Combined with manufacturing use, such process heat—steam, hot water or hot gases—consumes about around a third of Aotearoa’s energy, and it will be one of the most difficult markets to decarbonise, because around 60 per cent of it comes from burning gas and, increasingly, coal. In 2021, the government took aim at fossil fuels in process heat, agreeing to develop a National Environment Standard and a National Policy Statement that will give regional councils consistent policies and rules to help them retire all coal boilers by 2037.

If this happens, we have to find something else. Some are pointing to wood waste, which already supplies more than 10 per cent of New Zealand’s process heat. According to the Bioenergy Association of New Zealand, between two and four million tonnes of forestry waste can be economically turned into fuel for process heat each year. But how is burning wood any different to burning coal? Both release carbon dioxide into the environment. (Coal also releases sulphur dioxide.)

At its milk powder plant at Balclutha, French food giant Danone—which has committed to carbon neutrality by 2050—retired an old gas boiler and spent $30 million on a new four-storey one that burns hog fuel, or thinnings, slash and other wood waste from the district’s plantation forests. But biomass proponents argue that the carbon dioxide released from Danone’s smokestack is cancelled out by forests that supply it. As they grow, trees sequester carbon, which is released back to the atmosphere when they die. Burning biomass, then, pre-empts that natural death by felling the tree and using its stored carbon to produce energy instead. That carbon is duly taken up again by more trees. It all equals out, making biomass a carbon-neutral fuel.

Which is fine, but while no extra carbon is being emitted, the process does not cut carbon dioxide emissions either. In fact, some researchers say, it’s worse than that. Estimating biomass emissions relies heavily on carbon payback time: nebulous maths that delivers very different answers depending on which questions you ask. The devil lurks in details such as the species of fuel tree, its rate of growth and the extent of new plantings.
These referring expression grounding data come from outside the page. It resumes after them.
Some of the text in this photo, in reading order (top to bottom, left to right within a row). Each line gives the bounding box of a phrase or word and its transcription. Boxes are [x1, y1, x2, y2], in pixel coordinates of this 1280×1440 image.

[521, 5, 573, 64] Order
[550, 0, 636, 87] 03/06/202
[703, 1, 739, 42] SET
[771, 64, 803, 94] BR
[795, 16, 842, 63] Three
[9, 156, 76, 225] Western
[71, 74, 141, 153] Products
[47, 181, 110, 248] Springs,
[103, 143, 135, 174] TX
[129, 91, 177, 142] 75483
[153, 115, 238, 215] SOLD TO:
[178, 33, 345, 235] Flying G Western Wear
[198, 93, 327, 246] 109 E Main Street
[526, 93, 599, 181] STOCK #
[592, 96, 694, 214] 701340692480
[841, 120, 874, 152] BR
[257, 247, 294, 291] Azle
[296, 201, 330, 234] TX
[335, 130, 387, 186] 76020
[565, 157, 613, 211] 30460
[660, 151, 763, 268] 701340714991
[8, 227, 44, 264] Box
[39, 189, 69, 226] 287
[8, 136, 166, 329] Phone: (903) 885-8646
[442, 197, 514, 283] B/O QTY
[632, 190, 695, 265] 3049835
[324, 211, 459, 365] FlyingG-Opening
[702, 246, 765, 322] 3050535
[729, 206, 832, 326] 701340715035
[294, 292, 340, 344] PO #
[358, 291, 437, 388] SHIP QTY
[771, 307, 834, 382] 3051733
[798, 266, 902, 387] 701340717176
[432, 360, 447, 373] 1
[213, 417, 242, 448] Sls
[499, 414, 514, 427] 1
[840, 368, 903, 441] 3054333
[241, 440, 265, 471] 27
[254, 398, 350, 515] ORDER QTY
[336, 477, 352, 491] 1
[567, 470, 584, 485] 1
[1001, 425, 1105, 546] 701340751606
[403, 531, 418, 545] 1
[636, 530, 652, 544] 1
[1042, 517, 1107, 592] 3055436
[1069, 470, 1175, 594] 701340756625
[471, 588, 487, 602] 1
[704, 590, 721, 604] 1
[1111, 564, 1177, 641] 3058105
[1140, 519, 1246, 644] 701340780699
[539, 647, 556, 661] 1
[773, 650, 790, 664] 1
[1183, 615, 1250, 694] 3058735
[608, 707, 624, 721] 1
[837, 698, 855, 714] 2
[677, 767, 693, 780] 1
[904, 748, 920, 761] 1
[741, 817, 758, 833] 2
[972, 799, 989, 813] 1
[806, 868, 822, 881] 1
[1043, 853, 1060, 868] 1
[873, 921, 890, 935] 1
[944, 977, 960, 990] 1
Those variables all determine the lag between emissions and re-uptake, and the US environmental lobby group, the Natural Resources Defense Council, charges that, without some means of trapping its carbon emissions at the source—so-called carbon capture—a wood-burning power plant would have slightly higher net carbon emissions than a comparable gas-fired plant for the first 40 years of its life. A 2013 paper in the Journal of Sustainable Forestry calculated that deficit to last longer still—up to half a century. Critics say we don’t have time for biomass; by the time all that carbon has been re-absorbed, it may have melted the ice caps.

Since raw forest and mill waste is usually low in bulk and density and high in moisture, it can’t compete against even low-grade coal for energy content. It must be collected, transported to a processing site, dried, then either shredded into chips or compressed into pellets—and that all takes energy. Then it must be transported to the recipient boiler. Danone says its Balclutha boiler will burn 35,000 tonnes of biomass each year. That’s four or five 30-tonne truck-and-trailer units every day.

Nevertheless, the government is going gangbusters on biomass as an alternative to coal, along with electricity. The Energy Efficiency and Conservation Authority has a $219.5 million war chest—in the form of the State Sector Decarbonisation Fund—to swap fossil-fuelled boilers in hospitals, schools and tertiary institutions for biomass boilers and heat pumps.

The Government Investment in Decarbonising Industry Fund offers similar incentives to the private sector. So far, it’s paid out $56 million to 39 businesses—overwhelmingly freezing works and other food producers—to partially fund initiatives that will cut their reliance on fossil fuels. The fund is meant to remove the biggest, dirtiest boilers before 2026. But while some companies are using the money to mothball coal boilers, still more are getting out of natural gas and into electricity, in plain expectation of more gas shortages and price spikes.

For all this, our own Climate Change Commission reported last year that Aotearoa looks set to miss its Paris Agreement goals and, by extension, its net zero carbon by 2050 target. We need a game changer.

[Chapter Break]

Imagine lives, economies—civilisation—powered by the most abundant molecule in the universe; one that, measure for measure, holds three times as much energy as petroleum and, once burned, combines with oxygen to become water. It’s hydrogen, and advocates say it could fuel our furnaces, our cars and trucks, maybe even our planes. Collectively, those sectors are the toughest decarbonisation nuts to crack, which is why the European Union, Japan, South Korea, China, Singapore, the United States and Australia have all signalled plans to switch to hydrogen economies by various years between 2035 and 2060.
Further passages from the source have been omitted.